◆ **Assignment**: Transcribe every entry exactly, with nothing added or left out.
------ Data supplied
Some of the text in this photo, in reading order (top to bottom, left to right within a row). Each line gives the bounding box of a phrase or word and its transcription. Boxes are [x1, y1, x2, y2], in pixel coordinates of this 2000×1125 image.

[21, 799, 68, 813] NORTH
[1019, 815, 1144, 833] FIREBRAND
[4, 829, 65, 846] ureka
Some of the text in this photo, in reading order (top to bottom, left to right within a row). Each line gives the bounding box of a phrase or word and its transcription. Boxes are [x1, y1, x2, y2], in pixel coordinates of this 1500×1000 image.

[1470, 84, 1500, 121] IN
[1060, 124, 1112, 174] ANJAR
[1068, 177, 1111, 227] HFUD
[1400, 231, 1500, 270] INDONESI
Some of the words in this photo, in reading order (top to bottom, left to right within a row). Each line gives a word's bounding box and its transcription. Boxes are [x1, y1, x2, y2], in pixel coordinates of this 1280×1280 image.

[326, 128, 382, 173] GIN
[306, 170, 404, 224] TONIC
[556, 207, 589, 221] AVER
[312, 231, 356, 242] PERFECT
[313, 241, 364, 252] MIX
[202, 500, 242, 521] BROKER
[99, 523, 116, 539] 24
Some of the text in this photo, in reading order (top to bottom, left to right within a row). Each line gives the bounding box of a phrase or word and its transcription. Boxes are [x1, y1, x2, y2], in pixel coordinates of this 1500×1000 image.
------------
◆ **Exercise response**:
Some of the text in this photo, in reading order (top to bottom, left to right within a row). Each line gives the bounding box of a phrase or word and its transcription. Boxes are [x1, y1, x2, y2], in pixel coordinates of this 2000×1125 image.

[21, 799, 68, 813] NORTH
[1019, 815, 1144, 833] FIREBRAND
[4, 829, 65, 846] ureka
Some of the text in this photo, in reading order (top to bottom, left to right within a row). Each line gives the bounding box of a phrase or word and its transcription. Boxes are [x1, y1, x2, y2], in pixel coordinates of this 1500×1000 image.

[1470, 84, 1500, 121] IN
[1060, 124, 1112, 174] ANJAR
[1068, 177, 1111, 227] HFUD
[1400, 231, 1500, 270] INDONESI
Some of the words in this photo, in reading order (top to bottom, left to right within a row). Each line gives a word's bounding box and its transcription. Boxes are [x1, y1, x2, y2], in pixel coordinates of this 1280×1280 image.

[326, 128, 382, 173] GIN
[306, 170, 404, 224] TONIC
[556, 207, 589, 221] AVER
[312, 231, 356, 242] PERFECT
[313, 241, 364, 252] MIX
[202, 500, 242, 521] BROKER
[99, 523, 116, 539] 24
Some of the text in this photo, in reading order (top to bottom, left to right within a row). Each line gives the bounding box of a phrase or word and its transcription. Boxes are [x1, y1, x2, y2], in pixel coordinates of this 1500×1000 image.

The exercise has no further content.